SQL style question: INNER JOIN in FROM clause or WHERE clause?

If you are going to join multiple tables in a SQL query, where do you think is a better place to put the join statement: in the FROM clause or the WHERE clause?
If you are going to do it in the FROM clause, how do you format it so that it is clear and readable? (I'm talking about indents, newlines, whitespace in general.)
Are there any advantages/disadvantages to each?
I tend to use the FROM clause, or rather the JOIN clause itself, indenting like this (and using aliases):
SELECT t1.field1, t2.field2, t3.field3
FROM table1 t1
INNER JOIN table2 t2
ON t1.id1 = t2.id1
INNER JOIN table3 t3
ON t1.id1 = t3.id3
This keeps the join condition close to where the join is made.
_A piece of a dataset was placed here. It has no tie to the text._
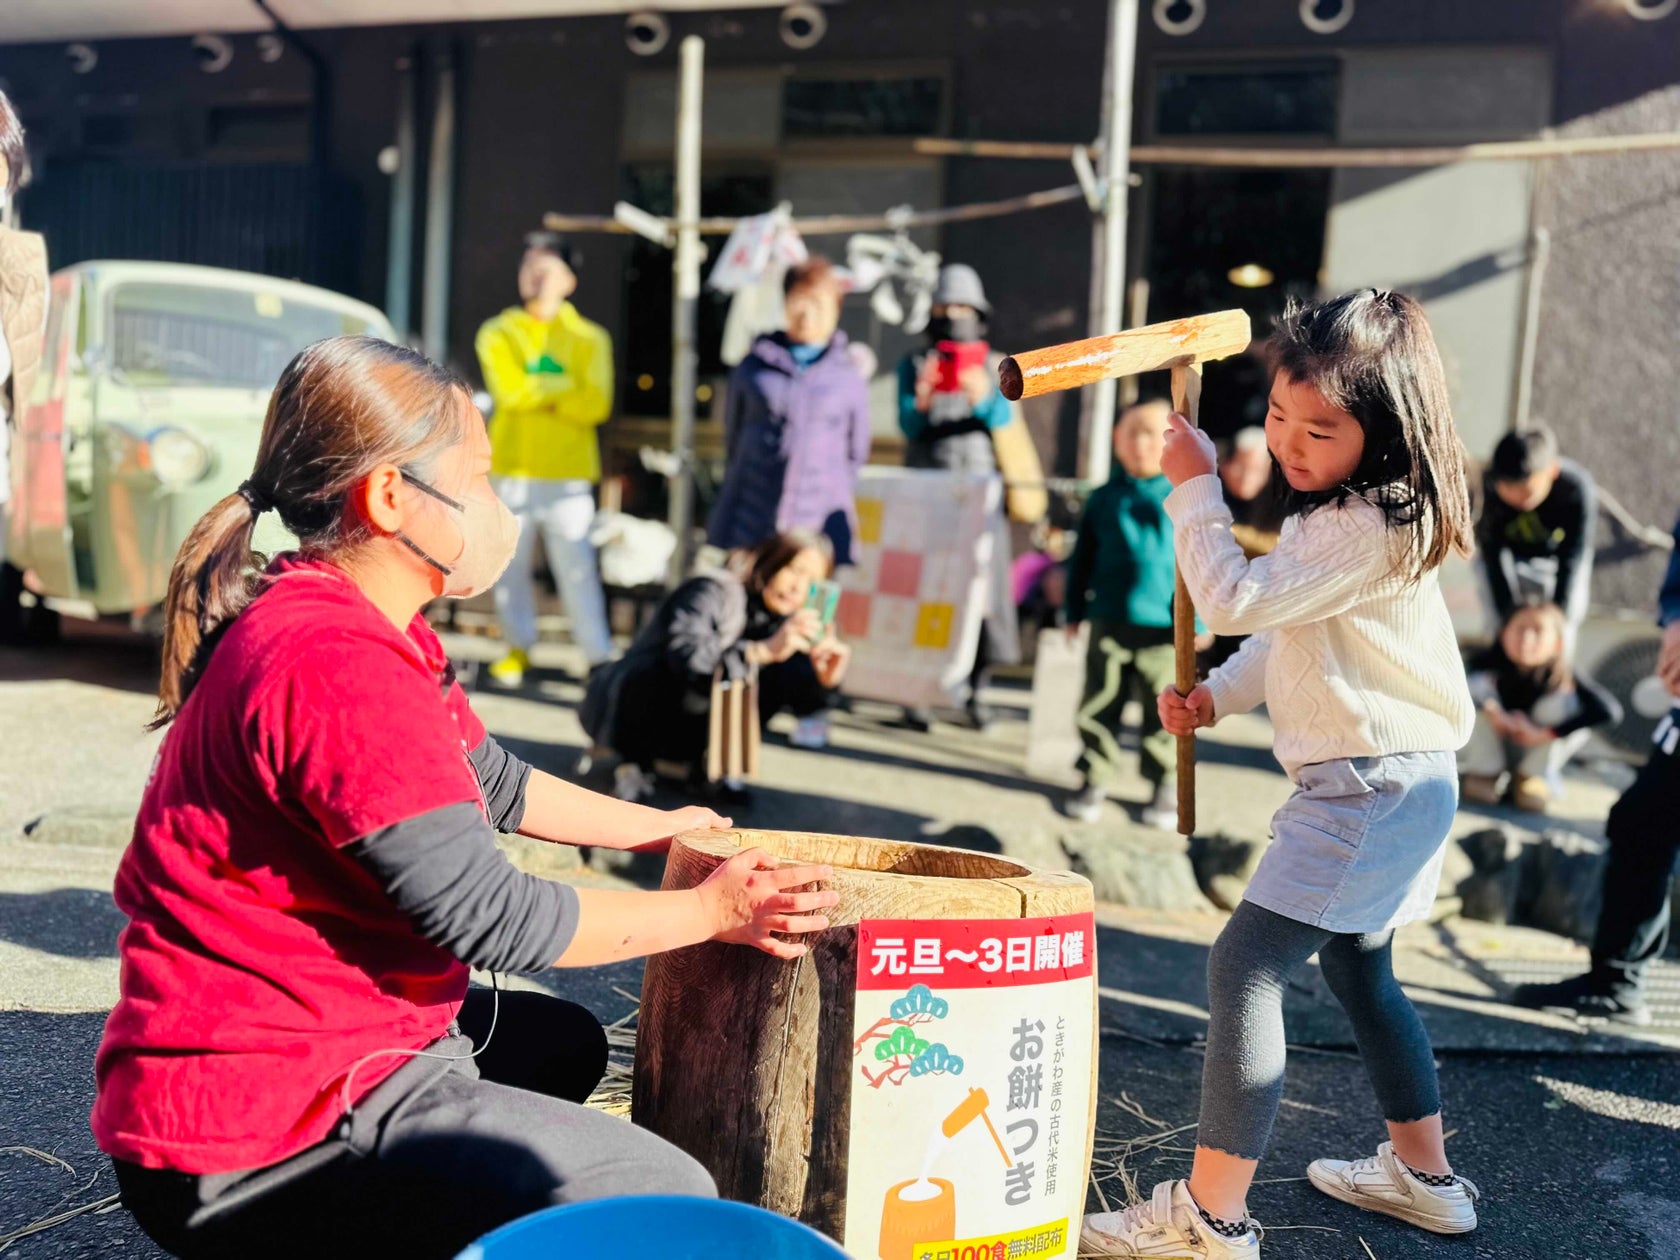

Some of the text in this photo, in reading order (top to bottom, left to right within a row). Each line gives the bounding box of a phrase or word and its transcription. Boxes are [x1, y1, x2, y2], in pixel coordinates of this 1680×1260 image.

I find it easier to understand this way then trying to look through the WHERE clause to figure out what exactly is joined how.
When making OUTER JOINs (ANSI-89 or ANSI-92), filtration location matters because criteria specified in the ON clause is applied before the JOIN is made. Criteria against an OUTER JOINed table provided in the WHERE clause is applied after the JOIN is made. This can produce very different result sets.
In comparison, it doesn't matter for INNER JOINs if the criteria is provided in the ON or WHERE clauses -- the result will be the same. That said, I strive to keep the WHERE clause clean -- anything related to JOINed tables will be in their respective ON clause. Saves hunting through the WHERE clause, which is why ANSI-92 syntax is more readable.
I prefer the FROM clause if for no other reason that it distinguishes between filtering results (from a Cartesian product) merely between foreign key relationships and between a logical restriction. For example:
SELECT * FROM Products P JOIN ProductPricing PP ON P.Id = PP.ProductId
WHERE PP.Price > 10
As opposed to
SELECT * FROM Products P, ProductPricing PP
WHERE P.Id = PP.ProductID AND Price > 10
I can look at the first one and instantly know that the only logical restriction I'm placing is the price, as opposed to the implicit machinery of joining tables together on the relationship key.
I almost always use the ANSI 92 joins because it makes it clear that these conditions are for JOINING.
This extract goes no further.